In Maslow’s Hierarchy of Needs, self-actualization and fulfillment are at the top of the pyramid. Many advisors are recognizing that this is where they need to be in discussions with their clients, encouraging clients to actualize the fulfillment in life they wish to achieve.
Engagement at the ‘top of the pyramid’ is a much more substantive discussion; a deeper relationship develops between advisor and client beyond traditional planning and portfolio management.
Fidelity introduced the Advice Value Stack™. It’s a pyramid that helps articulate how investors assign value in the advice relationship. At the top of the pyramid: Fulfillment. Fidelity’s research speaks to the connection between money, work, health and life.

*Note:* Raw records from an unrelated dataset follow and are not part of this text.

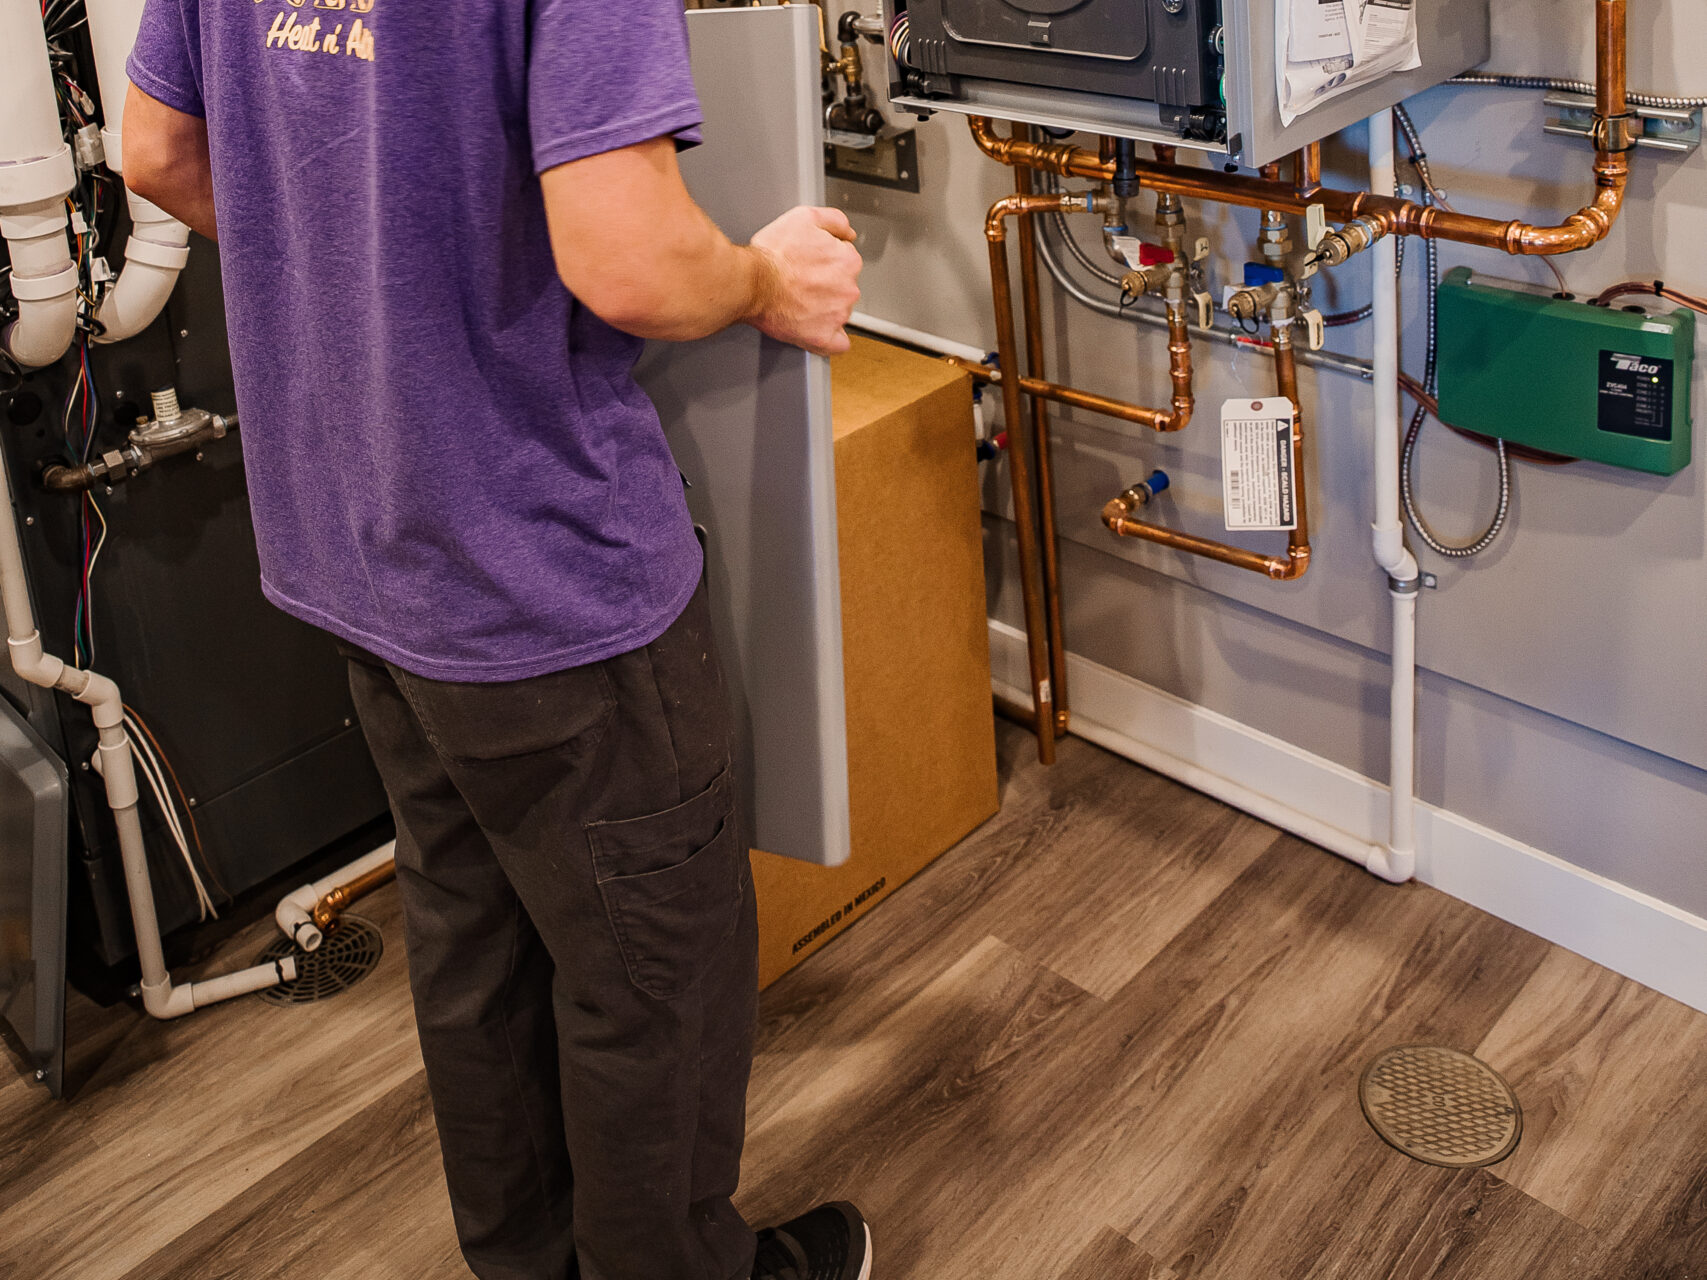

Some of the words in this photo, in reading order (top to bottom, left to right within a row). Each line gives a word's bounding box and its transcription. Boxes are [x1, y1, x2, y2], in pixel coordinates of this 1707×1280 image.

[266, 11, 321, 53] Heat
[1610, 353, 1659, 374] Taco
[792, 910, 842, 955] ASSEMBLED
[843, 901, 854, 917] IN
[855, 876, 886, 907] MEXICO

In talking with advisors this year, I know many have embraced client discussions at this level and are having conversations with their clients that lead to helping them better understand what fulfillment means to them. What it comes down to is understanding the person beyond their money. Are you addressing your clients at the top of the pyramid, in addition to the foundation of planning and investing?
There has been a lot of attention lately in our industry on the critical importance of dedicating more time to the “human element.” I was particularly struck by an October article in FTAdvisor, “Planners warned over becoming ‘army of technical experts.’” It cited that adviser academies reported record intakes this year and summer spikes as the government moved to protect the jobs market from the impact of the coronavirus crisis.
In the article, James Mousley, co-host of the Adviser Gap Podcast, warned thousands of hours were spent by professional bodies training advisers and planners to be “technical wizards,” but no time at all on the “art” of financial planning.
I couldn’t agree more with James, who said, “There are zero hours on the art of communication and zero hours on being human—it’s the listening, questioning, relationship building and body language. But without fully understanding the wants and needs of a client, what use is all this technical knowledge?”
Perhaps 2020 is a catalyst to starting the client relationship with a process of discovery to learn and understand your clients’ visions and how to actualize fulfillment in their lives. Now more than ever, your clients—current and prospective—are open to this deeper level of discussion. They will appreciate that you are listening to them and have a sincere interest in their lives.